The origins of Mutuality of Obligations as a determining feature of employment status were established early on, before the introduction of IR35. The test featured in many employment tribunal cases, such as; Nethermere (St Neots) v Gardiner and Taverna, Carmichael v National Power Plc, as well as the case of Ready Mixed Concrete (South East) Ltd. V. Minister of Pensions and National Insurance (which is heavily cited for IR35 cases) to name but a few.
Despite its age in the field of employment status, it remains one of the most misunderstood and misused tests for determining IR35.
HMRC’s guidance on Mutuality of Obligation, contained within its own Employment Status Manual (ESM0500), states that;
“The significance of mutuality of obligation is that it determines whether there is a contract in existence at all. Without mutuality of obligation there can be no contract of any kind.
Only when the basic requirements for mutuality of obligation have been identified is it possible to then consider whether the contract is a contract of employment or a contract for Services (self-employment).
The basic requirements as to the mutual obligations necessary to determine whether there is a contract in existence at all are:
These basic requirements could be present in either a contract of service or a contract for services and, on their own, will not determine the nature of a contract.”

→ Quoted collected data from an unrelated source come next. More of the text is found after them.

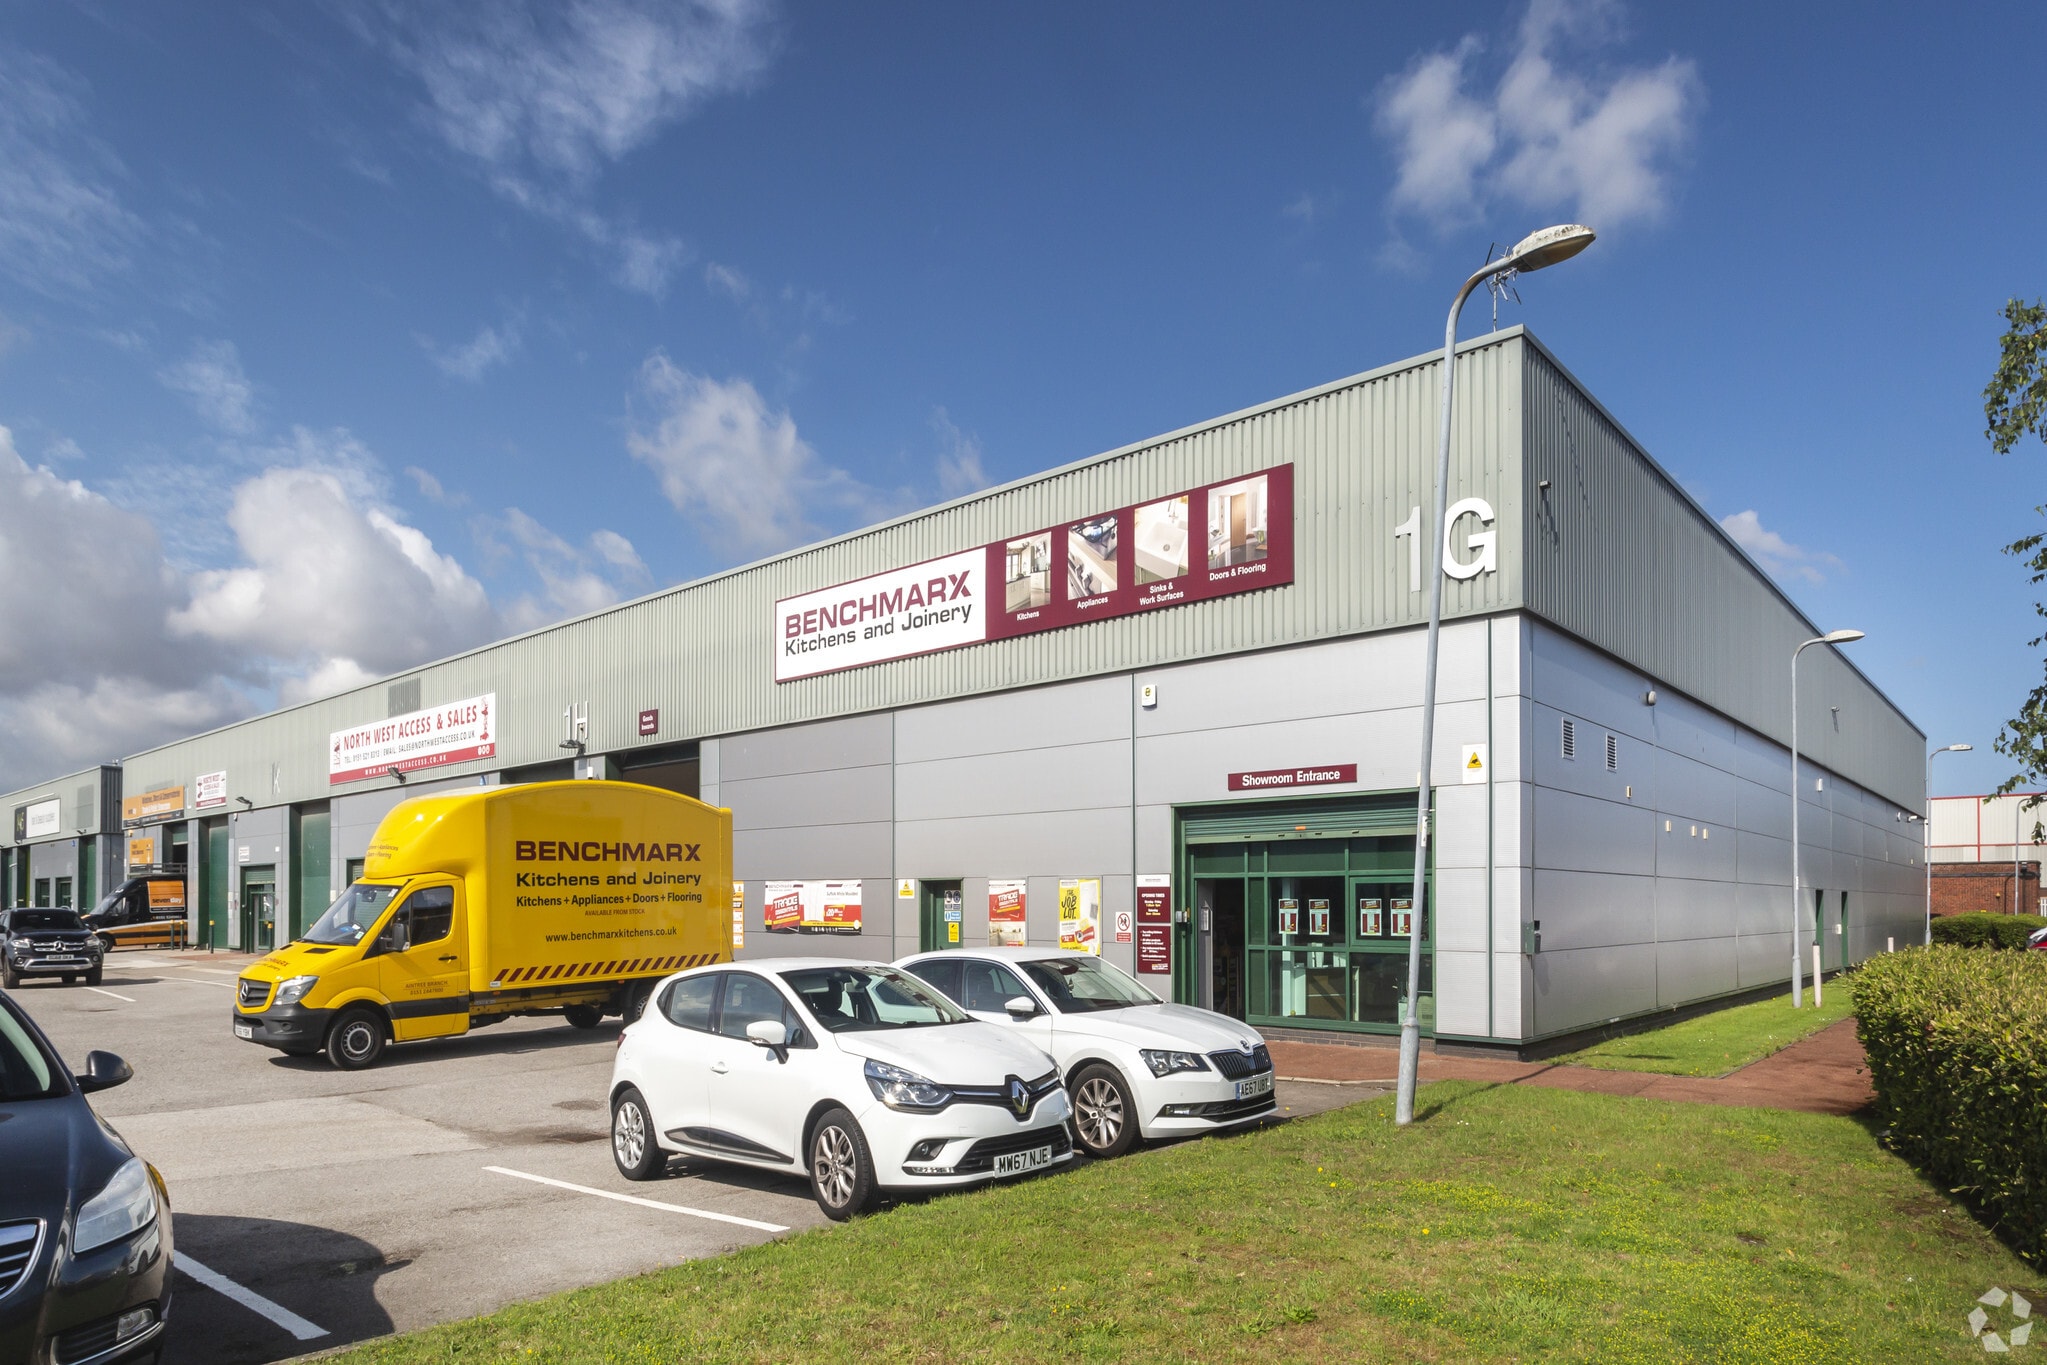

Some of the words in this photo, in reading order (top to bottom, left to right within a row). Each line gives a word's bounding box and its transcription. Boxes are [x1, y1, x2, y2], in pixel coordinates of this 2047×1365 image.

[1209, 572, 1230, 581] Doors
[1231, 568, 1236, 576] &
[1238, 563, 1266, 576] Flooring
[1150, 584, 1167, 594] Sinks
[1168, 582, 1173, 590] &
[786, 570, 972, 638] BENCHMARX
[1077, 596, 1108, 609] Appliances
[1140, 596, 1156, 606] Work
[1157, 591, 1184, 602] Surfaces
[1016, 611, 1039, 621] Kitchens
[786, 630, 856, 656] Kitchens
[864, 618, 894, 640] and
[902, 604, 972, 630] Joinery
[344, 732, 370, 750] NORTH
[374, 725, 396, 744] WEST
[398, 716, 431, 738] ACCESS
[436, 713, 443, 730] &
[447, 705, 477, 727] SALES
[1242, 774, 1293, 786] Showroom
[1297, 770, 1340, 782] Entrance
[516, 840, 701, 862] BENCHMARX
[516, 873, 599, 887] Kitchens
[606, 872, 636, 885] and
[643, 872, 701, 886] Joinery
[516, 895, 562, 907] Kitchens
[571, 893, 624, 907] Appliances
[633, 893, 659, 903] Doors
[667, 892, 702, 903] Flooring
[1061, 896, 1077, 908] JOB
[546, 926, 677, 942] www.benchmarxkitchens.co.uk
[1241, 1081, 1256, 1096] AE67
[998, 1153, 1027, 1173] MW67
[1029, 1146, 1048, 1167] NJE

HMRC considers MOO with little weight in an investigation. In recent IR35 enquiries we have defended, HMRC have taken the opinion that there will be an existence of MOO where there is simply an offer and acceptance of work.
The test is also absent from HMRC’s Check Employment Status for Tax (CEST) tool which HMRC have developed to assist public sector bodies determine the employment status of its contractors for the IR35 reform which was implemented within the public sector in April 2017, for which HMRC have been heavily criticised.
HMRC have stated that the tool had been designed to exclude Mutuality of Obligations because it is already assumed to exist simply because the CEST tool is being used, i.e. there is a contract in place.
This view is simplistic and is not supported by IR35 case law.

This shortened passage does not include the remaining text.